September 20, 2021

I have become a stranger to my brothers, And an alien to my mother’s children; Because zeal for Your house has eaten me up, And the reproaches of those who reproach You have fallen on me. Psalm 69:8-9

The 69th Psalm of David, as he is addressing the LORD, progresses into a prophetic reference to Jesus. Early in the ministry of Jesus, He went up to Jerusalem for the Passover. It was the spring of 28AD. Coming into the court of the temple, the chaotic scene before Him was anything but worshipful. Many had traveled from far away and at great expense to celebrate the Passover. The throngs were a mixture of rich and middle-class and poor. Many were simply not able to bring the sacrificial animals over the great distances they traveled to reach Jerusalem. The opportunity for profit was too great a temptation for locals who owned livestock – and even the priests of the temple had joined in as facilitators of the practice and were sharing in profits from the frenzied buying and selling of animals and from the currency exchanges, changing foreign coins to the temple shekels.

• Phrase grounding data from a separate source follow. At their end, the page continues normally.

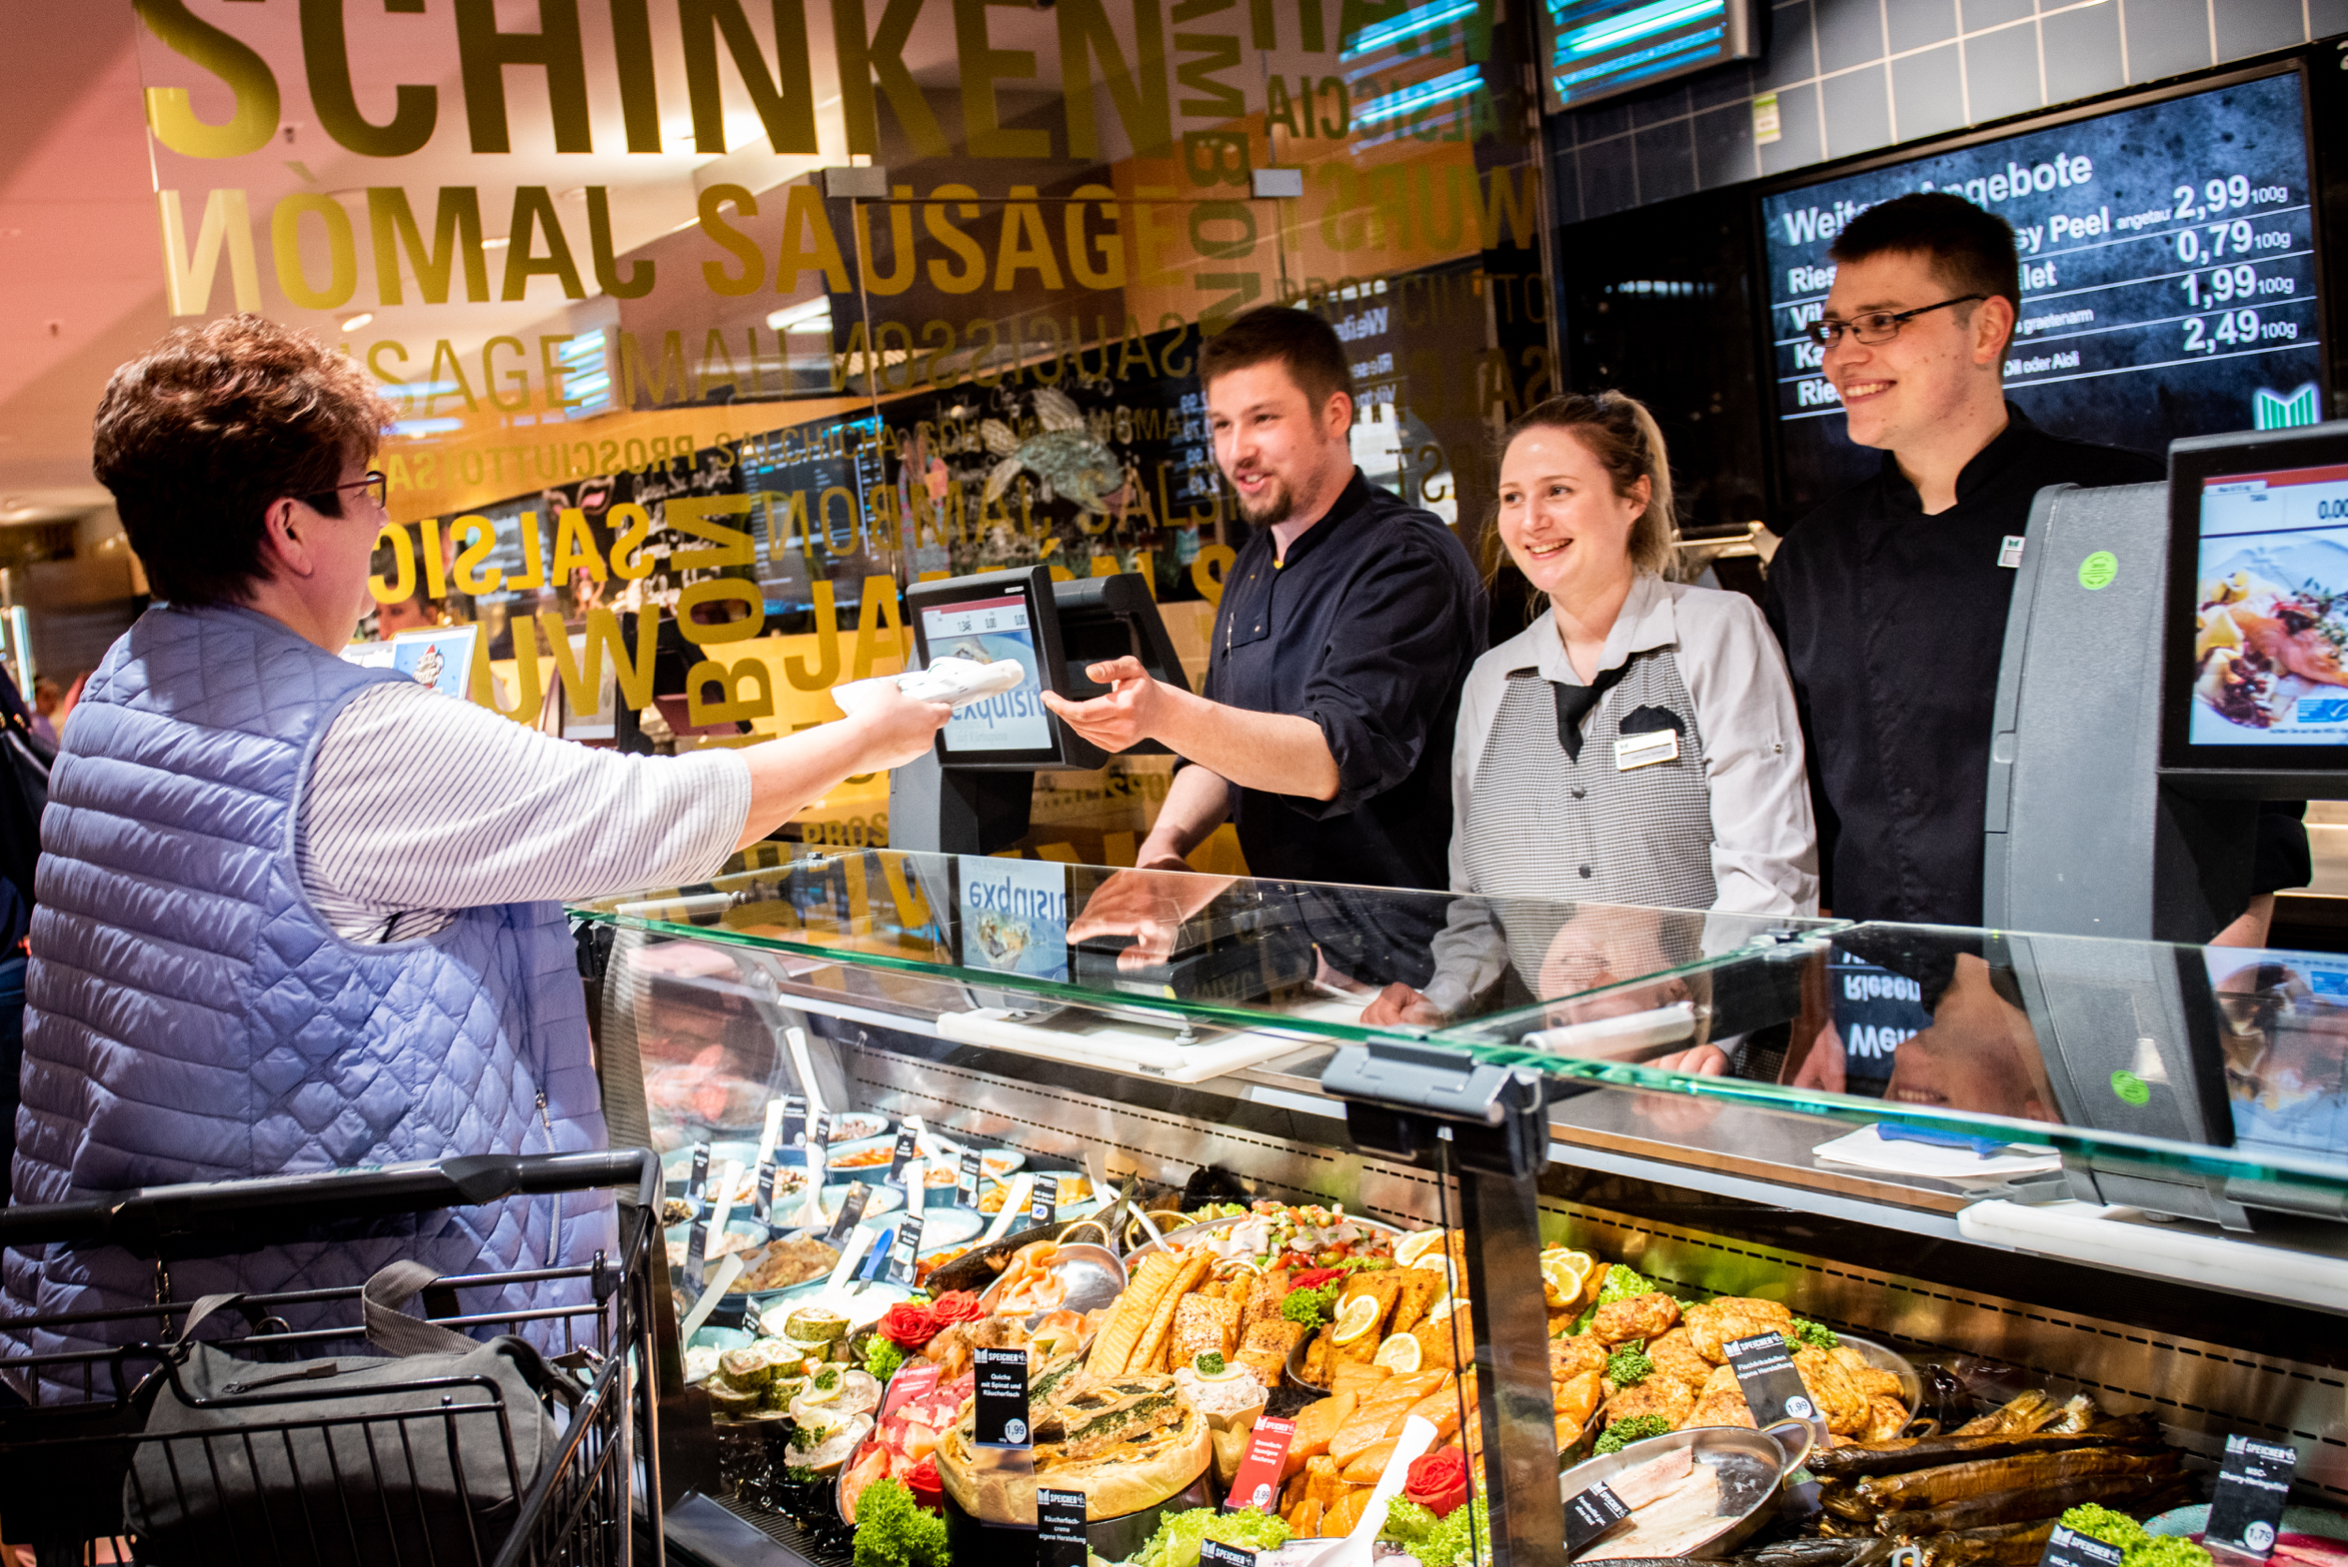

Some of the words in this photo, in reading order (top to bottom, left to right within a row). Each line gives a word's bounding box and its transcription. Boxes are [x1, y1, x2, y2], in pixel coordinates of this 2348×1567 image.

[134, 0, 1172, 160] SCHINKEN
[2049, 206, 2110, 241] Peel
[2173, 174, 2250, 221] 2,99
[2250, 186, 2288, 204] 100g
[698, 182, 1186, 296] SAUSAGE
[2176, 219, 2253, 265] 0,79
[2254, 231, 2291, 250] 100g
[2180, 264, 2257, 310] 1,99
[2257, 276, 2295, 295] 100g
[2182, 309, 2260, 355] 2,49
[2260, 321, 2298, 340] 100g
[1006, 1424, 1025, 1436] 1,99
[2249, 1528, 2273, 1542] 1,79

The cacophony of cattle lowing, sheep bleating, doves cooing, coins chinking, and men angrily disputing with one another over prices combined into an uproar that drowned what ought to have been heard: words addressed to the Most High God. Jesus could see that the priests and rulers had no inclination to correct the abuses in the temple court, and that they lacked compassion for the needs of the worshipers due to their own greed. Their example caused distress to those who were already suffering with many and varied afflictions. The result of all of this strife: losing sight of the sacred purpose of the precincts of the temple of God . . . and the One whom it was intended to prefigure.

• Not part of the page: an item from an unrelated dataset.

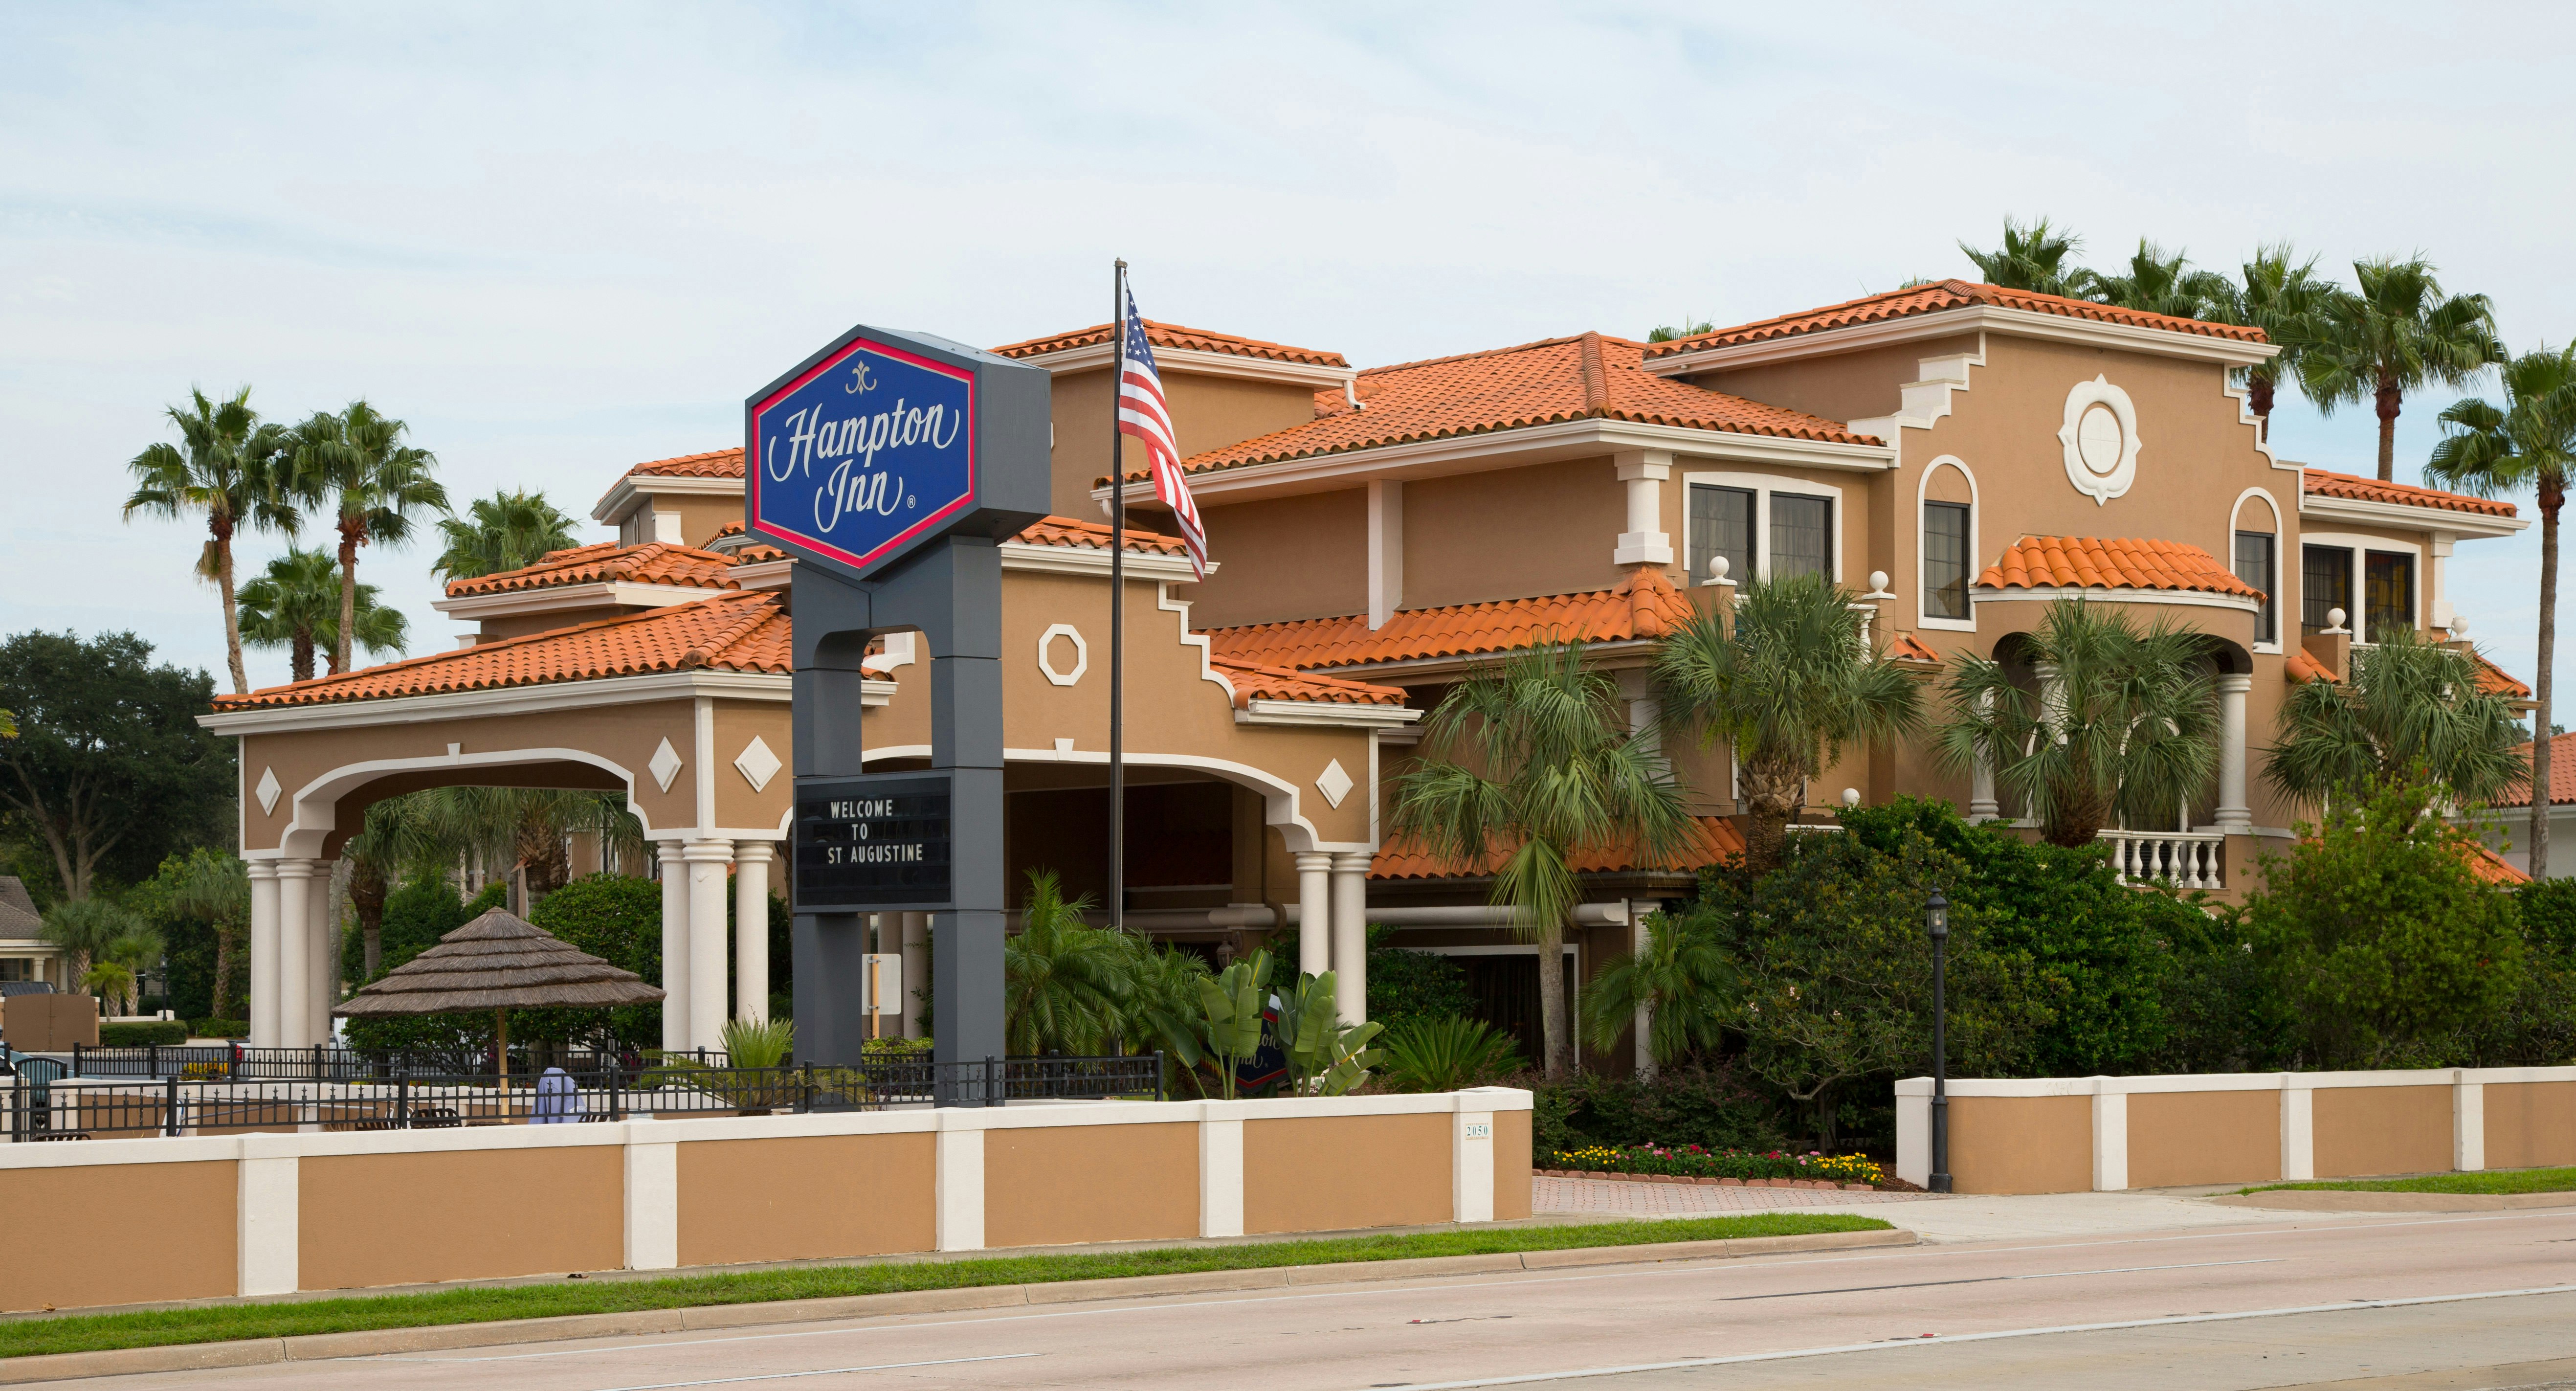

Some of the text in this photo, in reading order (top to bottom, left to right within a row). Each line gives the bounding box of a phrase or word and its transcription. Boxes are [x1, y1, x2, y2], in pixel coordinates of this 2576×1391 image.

When He had made a whip of cords, He drove them all out of the temple, with the sheep and the oxen, and poured out the changers’ money and overturned the tables. And He said to those who sold doves, “Take these things away! Do not make My Father’s house a house of merchandise!” John 2:15-16

Everyone who claims the name of the Lord Jesus (as a bride takes the name of her husband), should understand that he or she is to be the habitation of the Spirit of God, who has imparted the responsibility to rule over “the temple of God” and supplies the grace needed to live it out. This includes our thoughts and desires as well as words and actions. Invite Him to “drive out” anything in your temple that doesn’t belong!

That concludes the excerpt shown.